(Beginning of Task input)
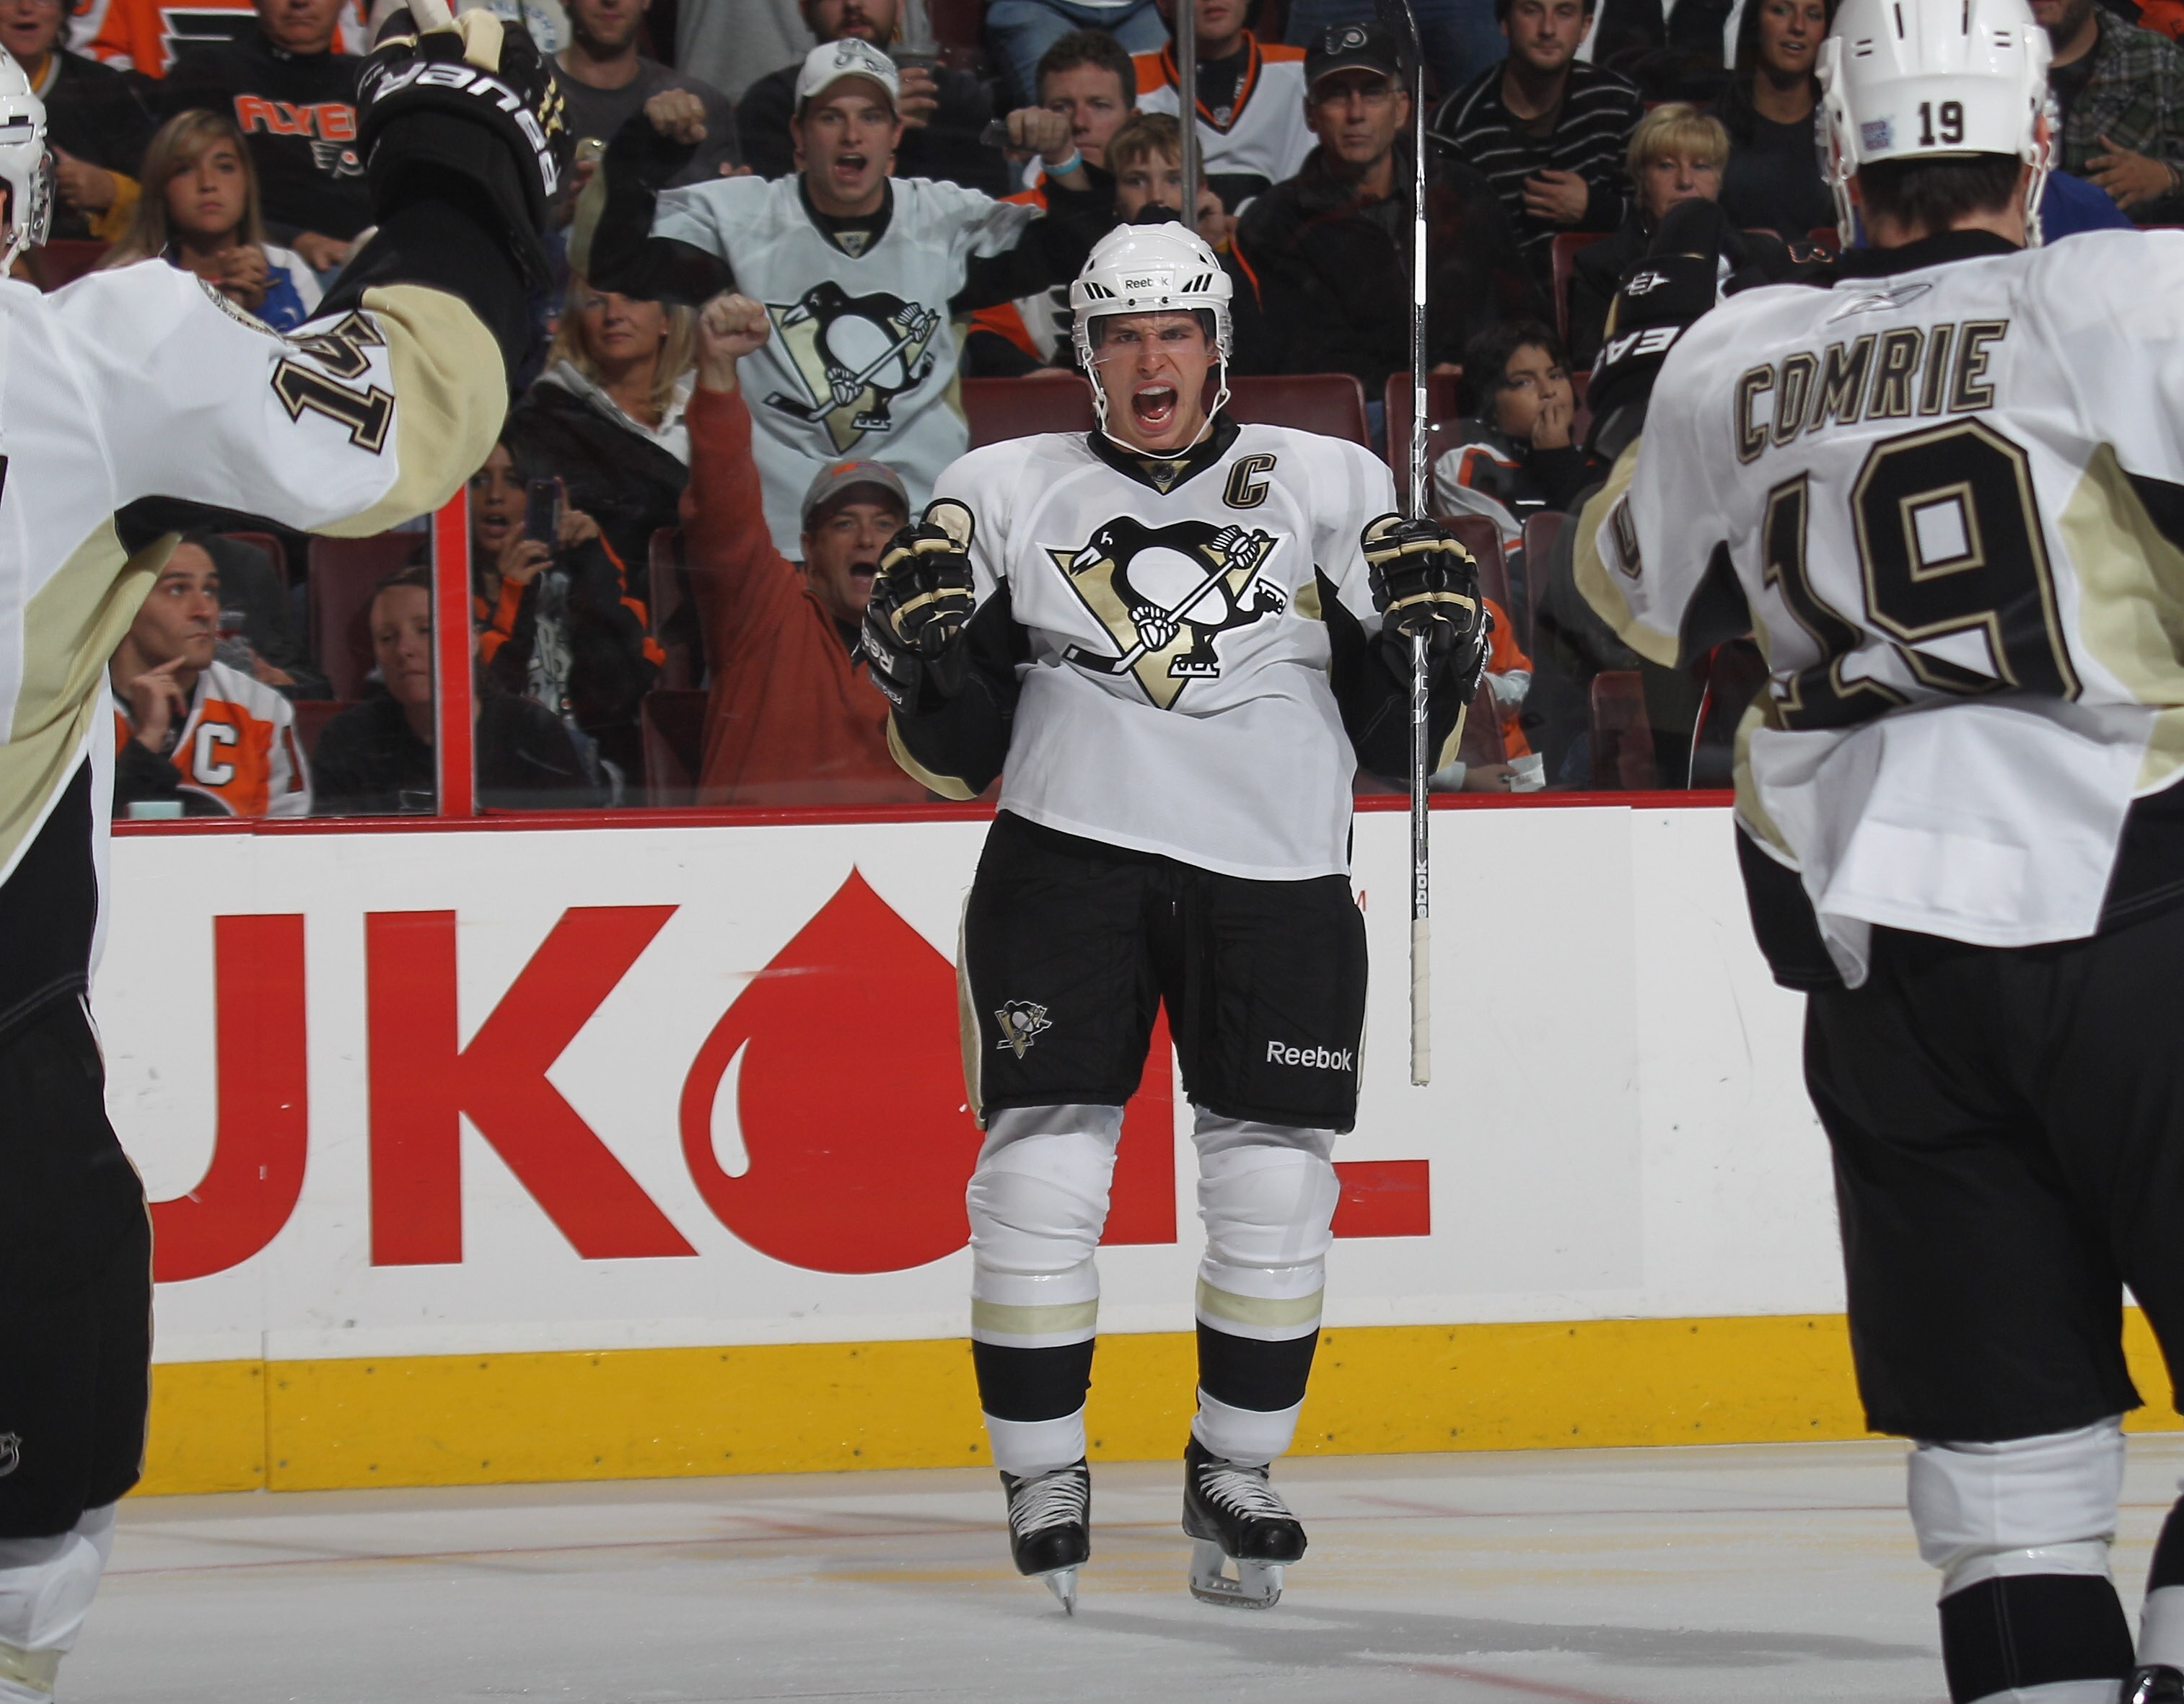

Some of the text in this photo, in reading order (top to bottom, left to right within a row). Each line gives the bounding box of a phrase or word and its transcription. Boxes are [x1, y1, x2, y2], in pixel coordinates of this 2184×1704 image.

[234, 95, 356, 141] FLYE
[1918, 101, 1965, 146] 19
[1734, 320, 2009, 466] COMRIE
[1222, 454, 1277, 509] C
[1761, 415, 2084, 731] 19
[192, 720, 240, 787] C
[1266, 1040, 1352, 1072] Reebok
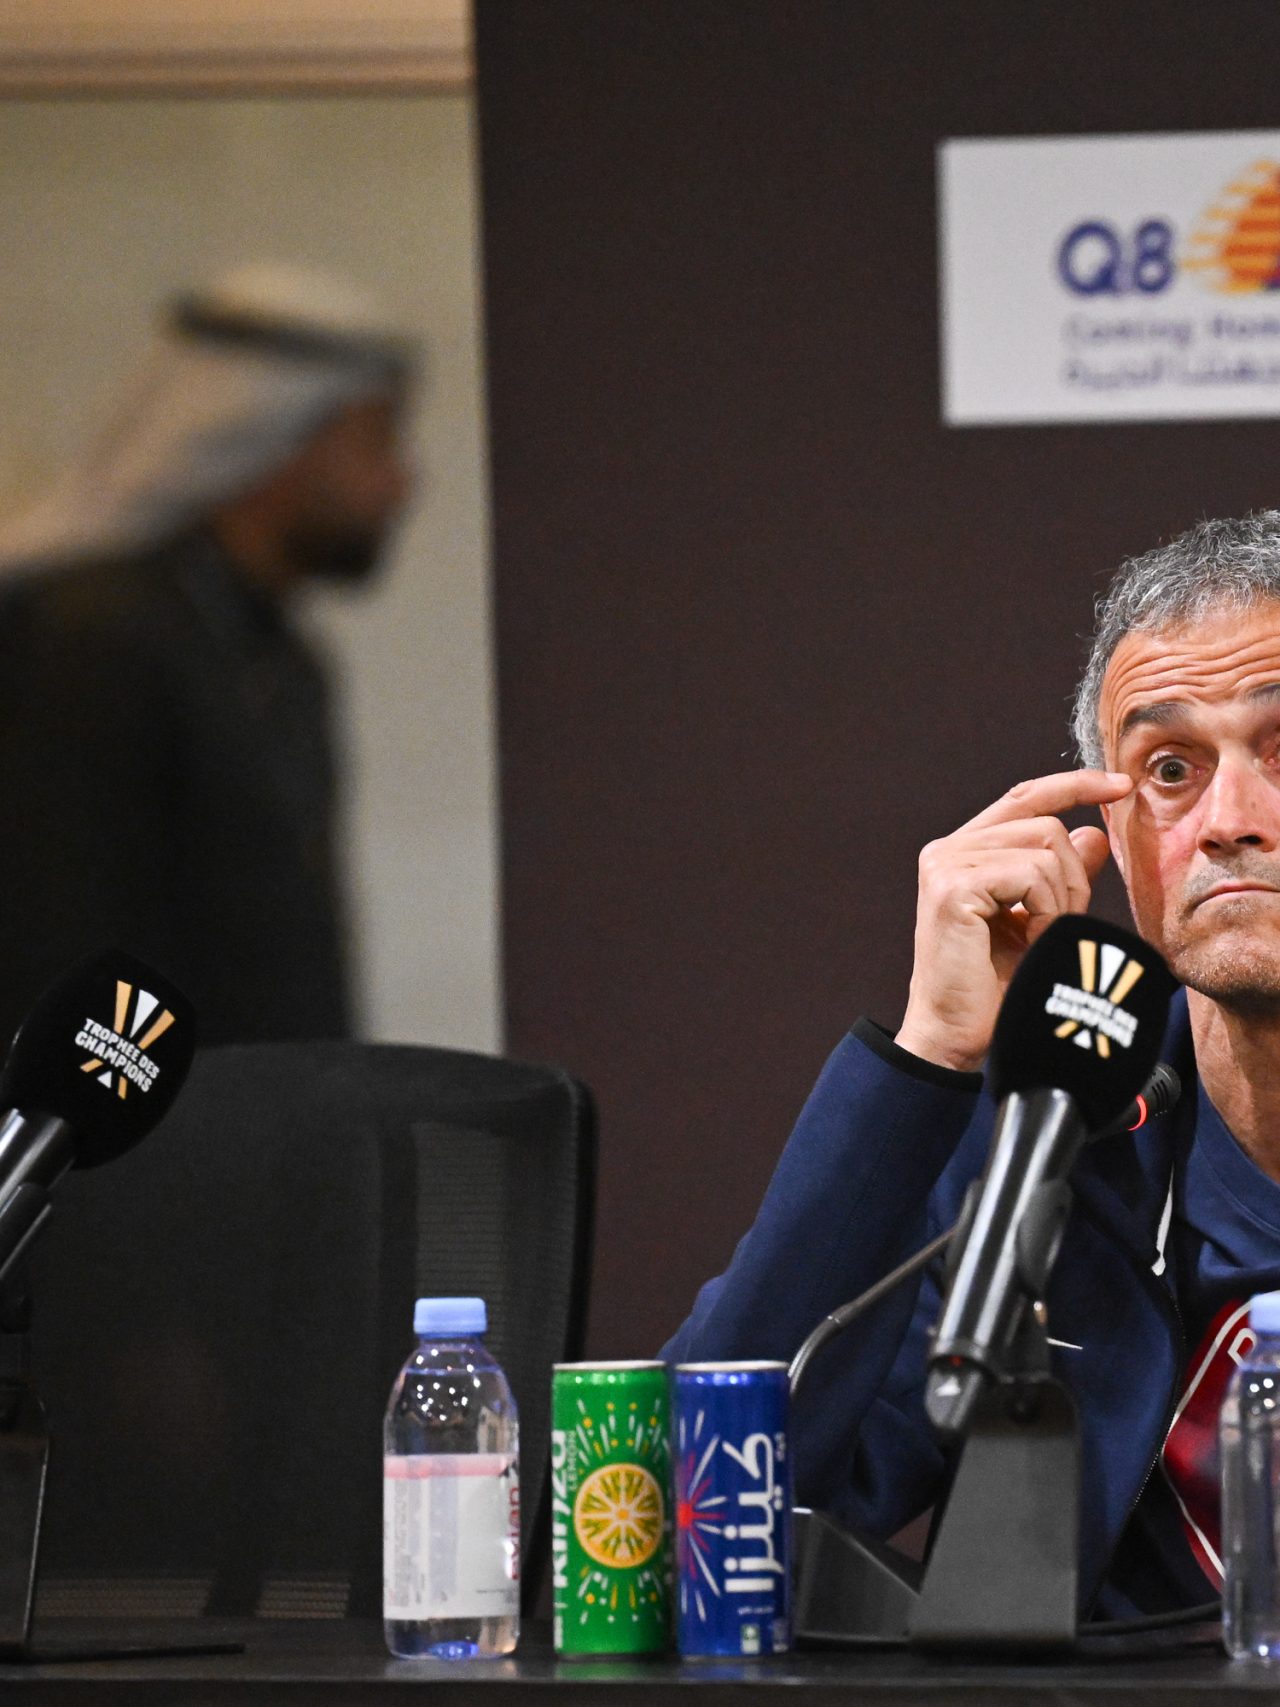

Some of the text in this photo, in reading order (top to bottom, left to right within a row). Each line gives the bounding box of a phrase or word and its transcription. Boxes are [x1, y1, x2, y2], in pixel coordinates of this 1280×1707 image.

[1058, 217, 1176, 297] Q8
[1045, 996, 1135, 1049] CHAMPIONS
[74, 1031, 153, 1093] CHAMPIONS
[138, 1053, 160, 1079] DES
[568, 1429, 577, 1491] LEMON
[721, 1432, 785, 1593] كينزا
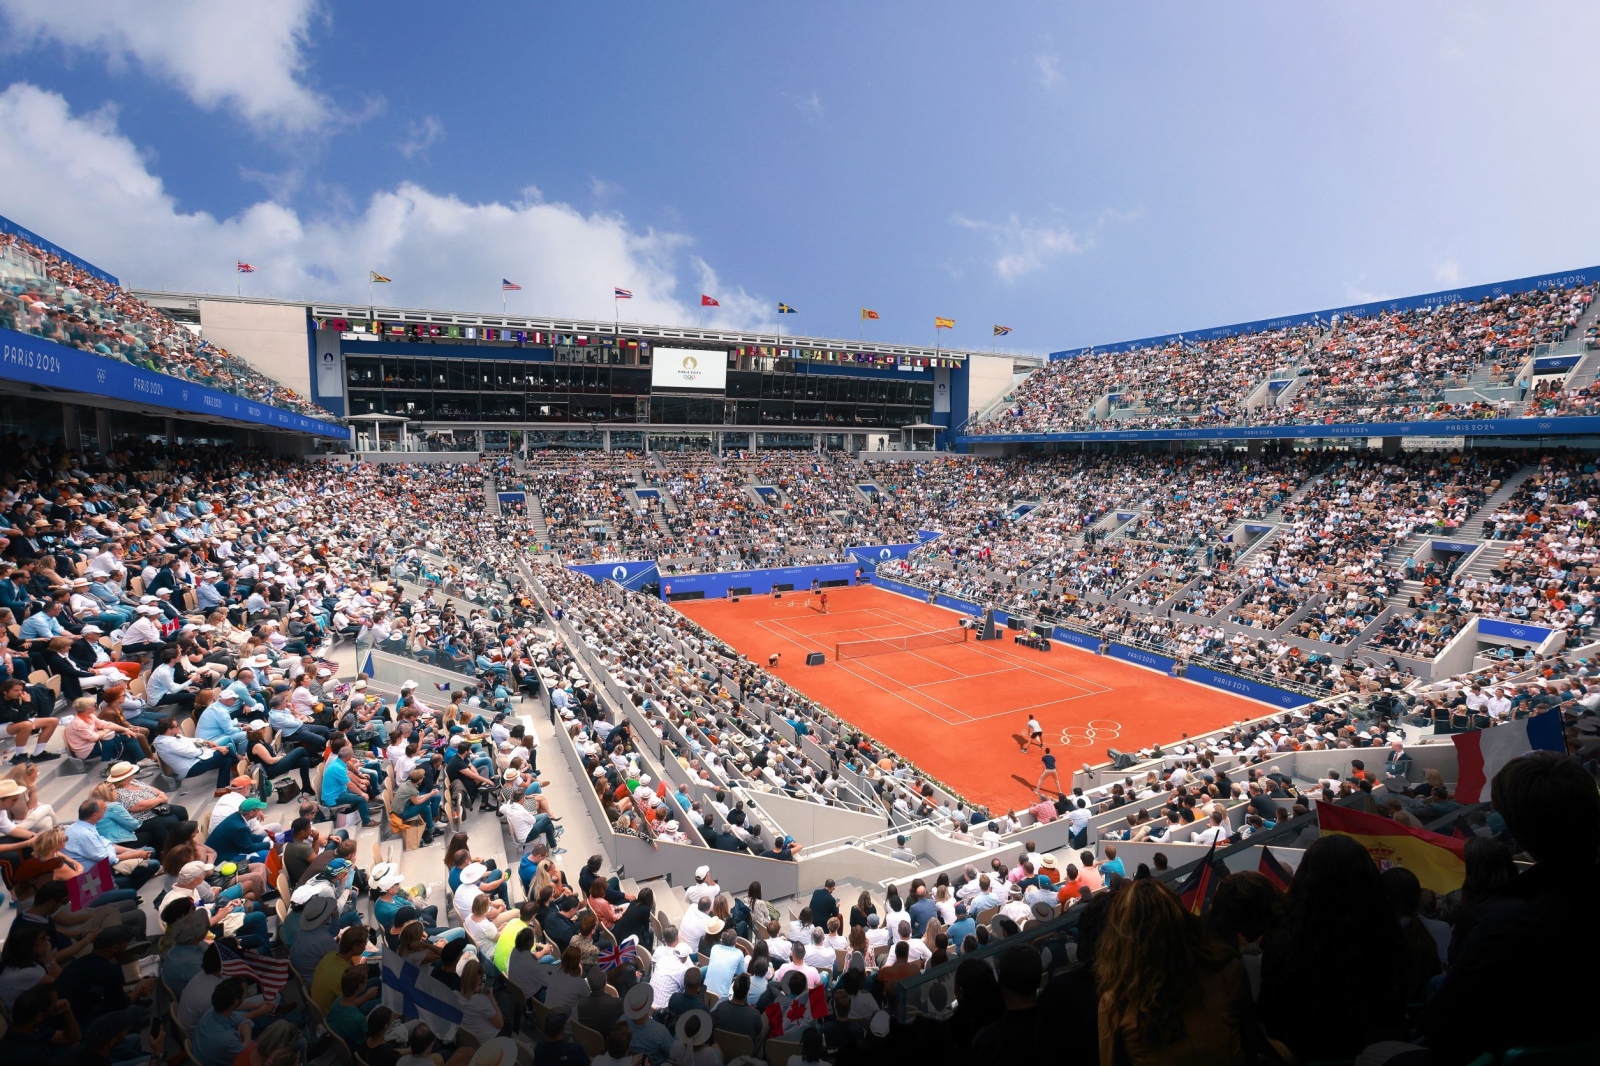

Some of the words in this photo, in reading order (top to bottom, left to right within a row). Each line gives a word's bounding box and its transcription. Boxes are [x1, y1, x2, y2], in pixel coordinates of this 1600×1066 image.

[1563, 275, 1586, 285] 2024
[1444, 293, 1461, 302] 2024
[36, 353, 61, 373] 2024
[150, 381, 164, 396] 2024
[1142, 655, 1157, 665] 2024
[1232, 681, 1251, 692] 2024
(End of Task input)
Goal of the exercise:
Please leave out the pictures while you copy exactly the lines from the one containing "this 1280×1707 image." through the end of the records.

Solution to this problem:
Some of the text in this photo, in reading order (top to bottom, left to right within a row). Each line gives the bounding box of a phrase or word and its transcription. Boxes are [x1, y1, x2, y2], in pixel coordinates of this 1280×1707 image.

[1058, 217, 1176, 297] Q8
[1045, 996, 1135, 1049] CHAMPIONS
[74, 1031, 153, 1093] CHAMPIONS
[138, 1053, 160, 1079] DES
[568, 1429, 577, 1491] LEMON
[721, 1432, 785, 1593] كينزا

Some of the words in this photo, in reading order (top to bottom, left to right within a row). Each line gives a word's bounding box and its transcription. Boxes are [x1, y1, x2, y2], in pixel coordinates of this 1600×1066 image.

[1563, 275, 1586, 285] 2024
[1444, 293, 1461, 302] 2024
[36, 353, 61, 373] 2024
[150, 381, 164, 396] 2024
[1142, 655, 1157, 665] 2024
[1232, 681, 1251, 692] 2024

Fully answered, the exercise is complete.